▶ Stored data
□ □ □ □ □

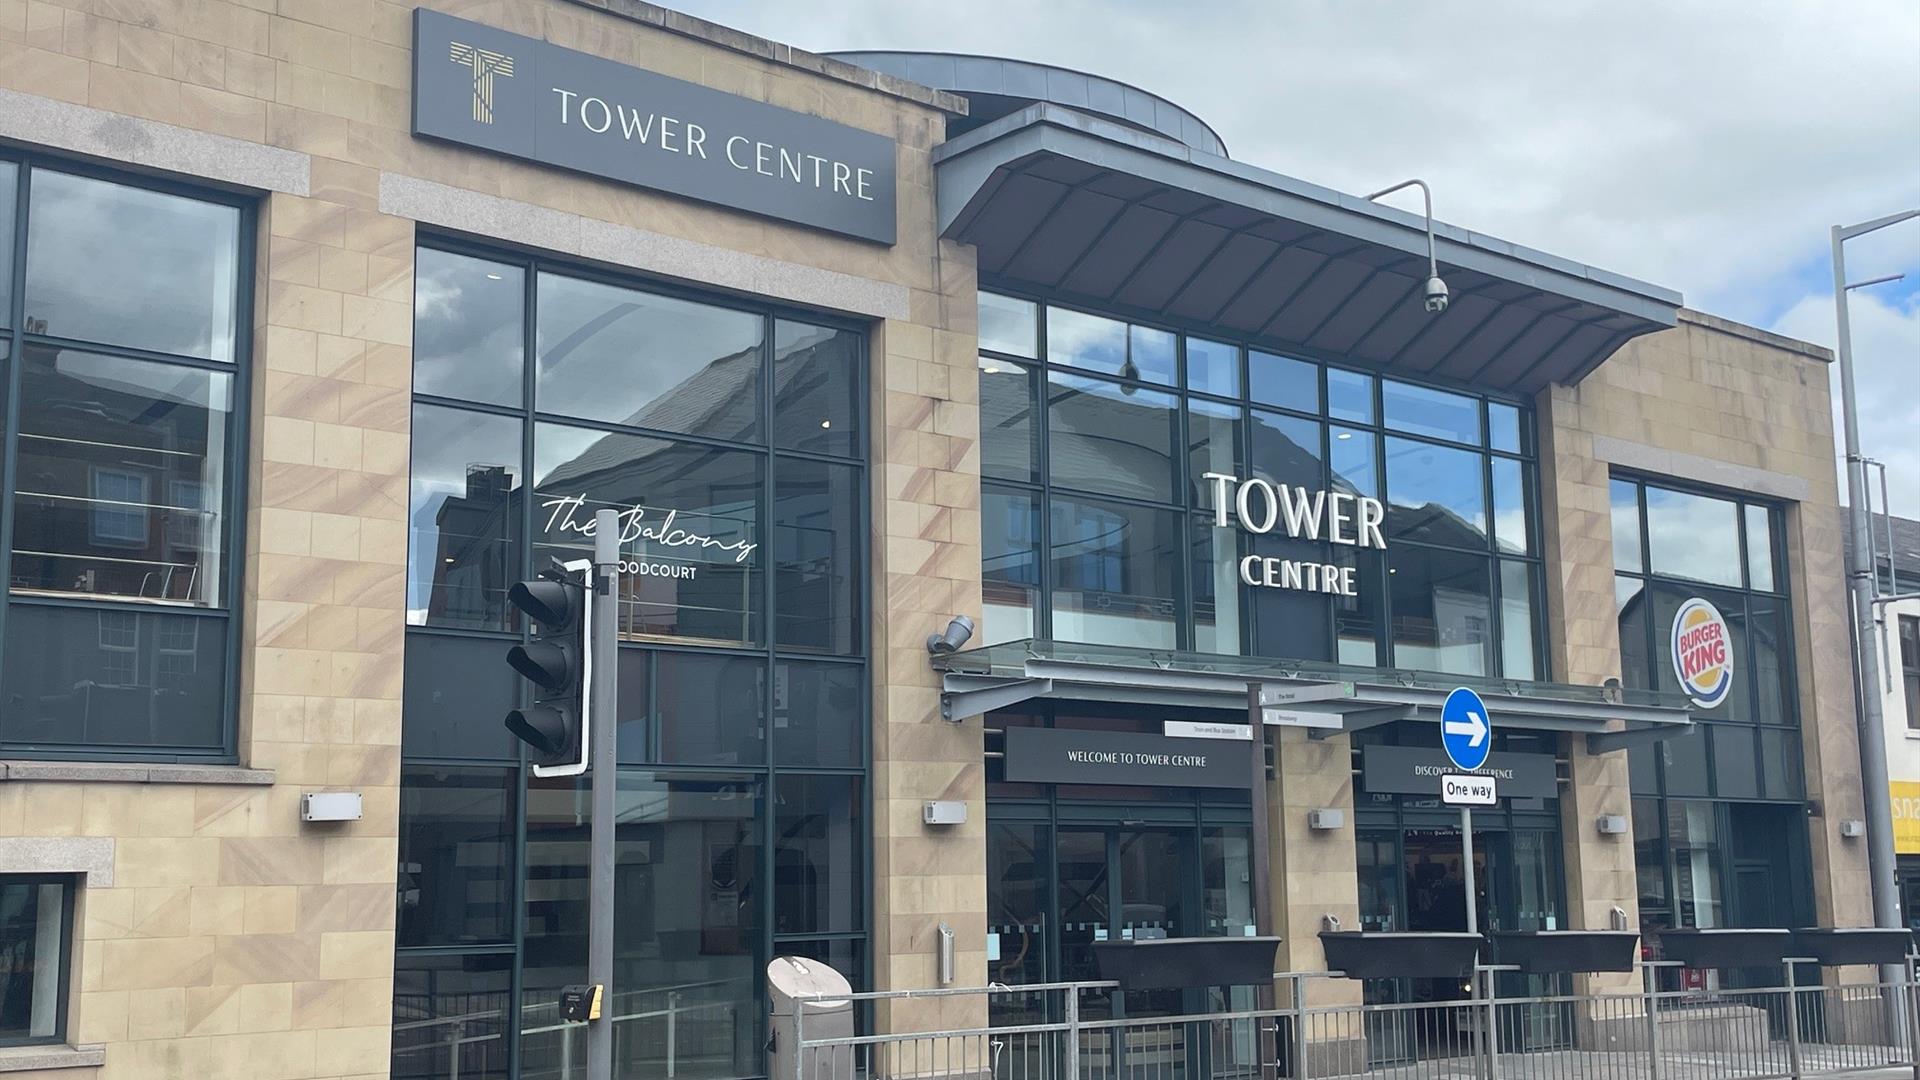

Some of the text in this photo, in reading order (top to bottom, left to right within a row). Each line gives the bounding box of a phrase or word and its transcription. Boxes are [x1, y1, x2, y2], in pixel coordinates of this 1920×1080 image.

[552, 87, 874, 201] TOWER CENTRE
[541, 492, 758, 563] The Balcony
[1202, 471, 1387, 596] TOWER CENTRE
[617, 560, 697, 580] OODCOURT
[1679, 622, 1723, 656] BURGER
[1682, 639, 1726, 681] KING
[1067, 750, 1207, 768] WELCOME TO TOWER CENTRE
[1446, 781, 1492, 800] One way

□ □ □ □ □

Set each line of the records down exactly, leaving every picture out.

Some of the text in this photo, in reading order (top to bottom, left to right within a row). Each line gives the bounding box of a phrase or word and its transcription. Boxes are [x1, y1, x2, y2], in pixel coordinates of this 1920×1080 image.

[552, 87, 874, 201] TOWER CENTRE
[541, 492, 758, 563] The Balcony
[1202, 471, 1387, 596] TOWER CENTRE
[617, 560, 697, 580] OODCOURT
[1679, 622, 1723, 656] BURGER
[1682, 639, 1726, 681] KING
[1067, 750, 1207, 768] WELCOME TO TOWER CENTRE
[1446, 781, 1492, 800] One way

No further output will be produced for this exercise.